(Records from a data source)
######

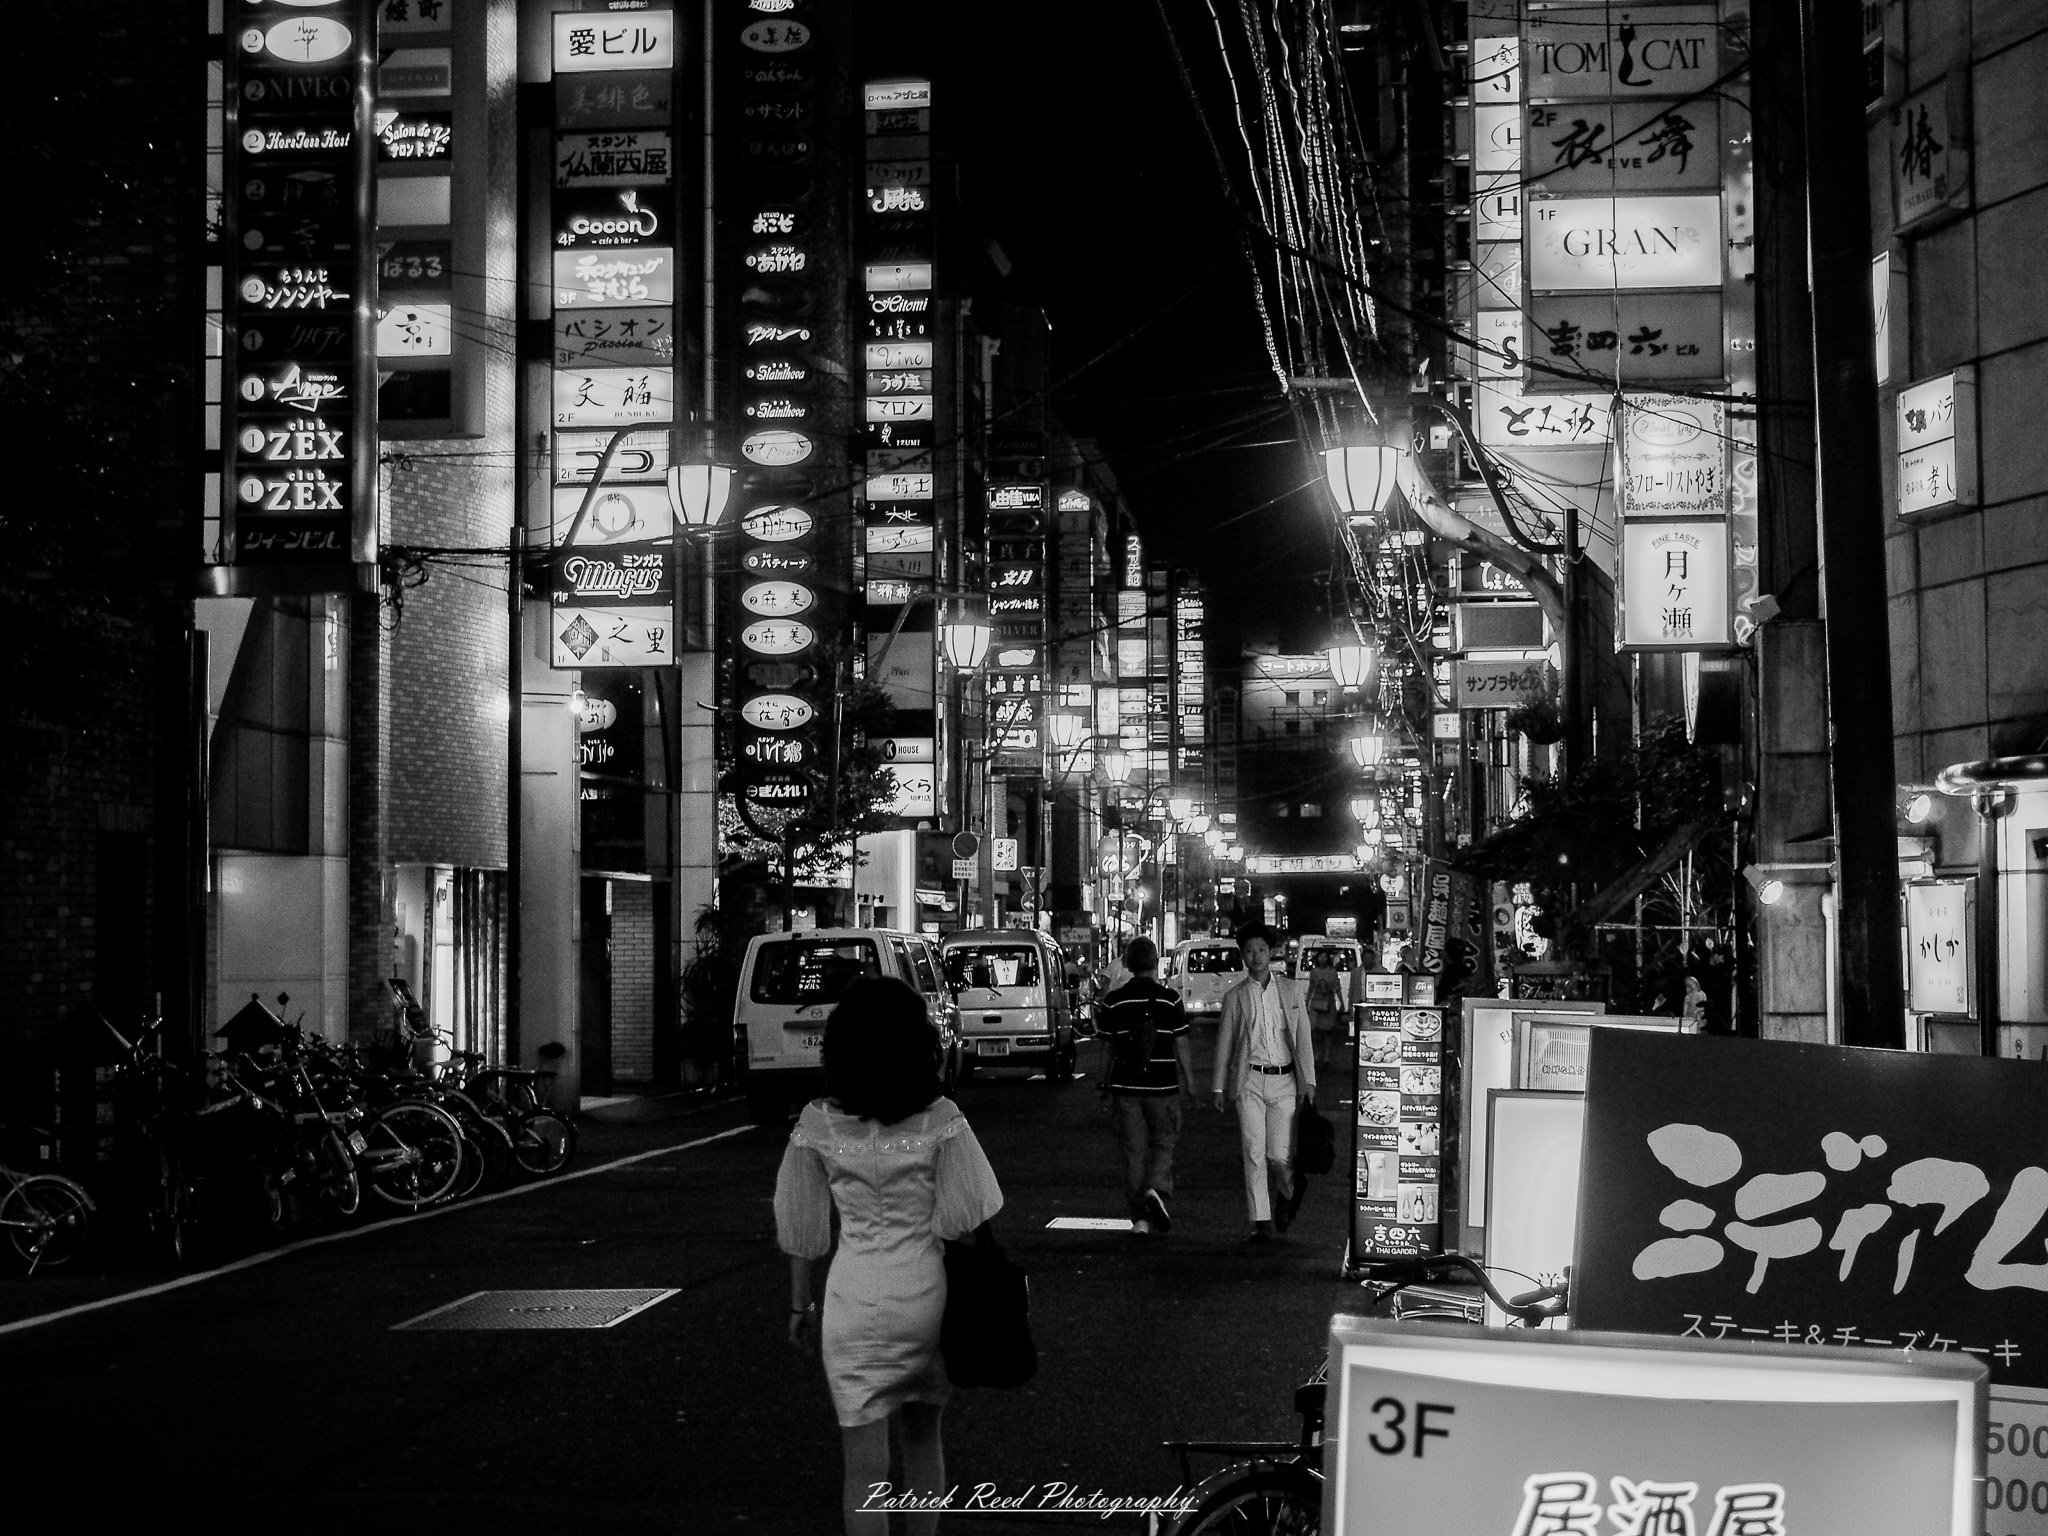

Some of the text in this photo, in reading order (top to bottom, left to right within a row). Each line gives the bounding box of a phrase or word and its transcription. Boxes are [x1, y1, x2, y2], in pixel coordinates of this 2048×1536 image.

[569, 27, 657, 56] 愛ビル
[1536, 42, 1610, 74] TOM
[1642, 38, 1705, 71] CAT
[1531, 108, 1557, 127] 2F
[588, 136, 637, 149] スタンド
[1900, 103, 1943, 185] 椿
[560, 149, 667, 177] 仏蘭西屋
[1607, 157, 1642, 170] EVE
[1537, 208, 1557, 221] 1F
[558, 233, 575, 247] 4F
[1562, 225, 1681, 258] GRAN
[757, 252, 806, 273] あかね
[587, 276, 648, 303] きむら
[559, 292, 577, 305] 3F
[872, 295, 929, 313] Hitomi
[565, 318, 665, 338] パシオン
[559, 350, 575, 363] 3F
[614, 410, 659, 418] BUNBUKU
[876, 400, 924, 416] マロン
[288, 418, 327, 431] club
[558, 412, 575, 423] 2F
[268, 432, 344, 461] ZEX
[594, 435, 634, 448] STND
[896, 438, 921, 447] IZUMI
[288, 468, 326, 481] club
[1635, 465, 1717, 495] フローリストやぎ
[267, 482, 343, 511] ZEX
[1651, 531, 1702, 548] FINE TASTE
[622, 554, 664, 568] ミンガス
[1186, 706, 1202, 714] TRY
[898, 745, 919, 754] HOUSE
[1375, 1246, 1418, 1255] THAI GARDEN
[1367, 1397, 1456, 1459] 3F
[1511, 1470, 1786, 1536] 居酒屋

######

Required work
A word-for-word transcription of the entries above, free of images, is what is wanted.

Response to this task
Some of the text in this photo, in reading order (top to bottom, left to right within a row). Each line gives the bounding box of a phrase or word and its transcription. Boxes are [x1, y1, x2, y2], in pixel coordinates of this 2048×1536 image.

[569, 27, 657, 56] 愛ビル
[1536, 42, 1610, 74] TOM
[1642, 38, 1705, 71] CAT
[1531, 108, 1557, 127] 2F
[588, 136, 637, 149] スタンド
[1900, 103, 1943, 185] 椿
[560, 149, 667, 177] 仏蘭西屋
[1607, 157, 1642, 170] EVE
[1537, 208, 1557, 221] 1F
[558, 233, 575, 247] 4F
[1562, 225, 1681, 258] GRAN
[757, 252, 806, 273] あかね
[587, 276, 648, 303] きむら
[559, 292, 577, 305] 3F
[872, 295, 929, 313] Hitomi
[565, 318, 665, 338] パシオン
[559, 350, 575, 363] 3F
[614, 410, 659, 418] BUNBUKU
[876, 400, 924, 416] マロン
[288, 418, 327, 431] club
[558, 412, 575, 423] 2F
[268, 432, 344, 461] ZEX
[594, 435, 634, 448] STND
[896, 438, 921, 447] IZUMI
[288, 468, 326, 481] club
[1635, 465, 1717, 495] フローリストやぎ
[267, 482, 343, 511] ZEX
[1651, 531, 1702, 548] FINE TASTE
[622, 554, 664, 568] ミンガス
[1186, 706, 1202, 714] TRY
[898, 745, 919, 754] HOUSE
[1375, 1246, 1418, 1255] THAI GARDEN
[1367, 1397, 1456, 1459] 3F
[1511, 1470, 1786, 1536] 居酒屋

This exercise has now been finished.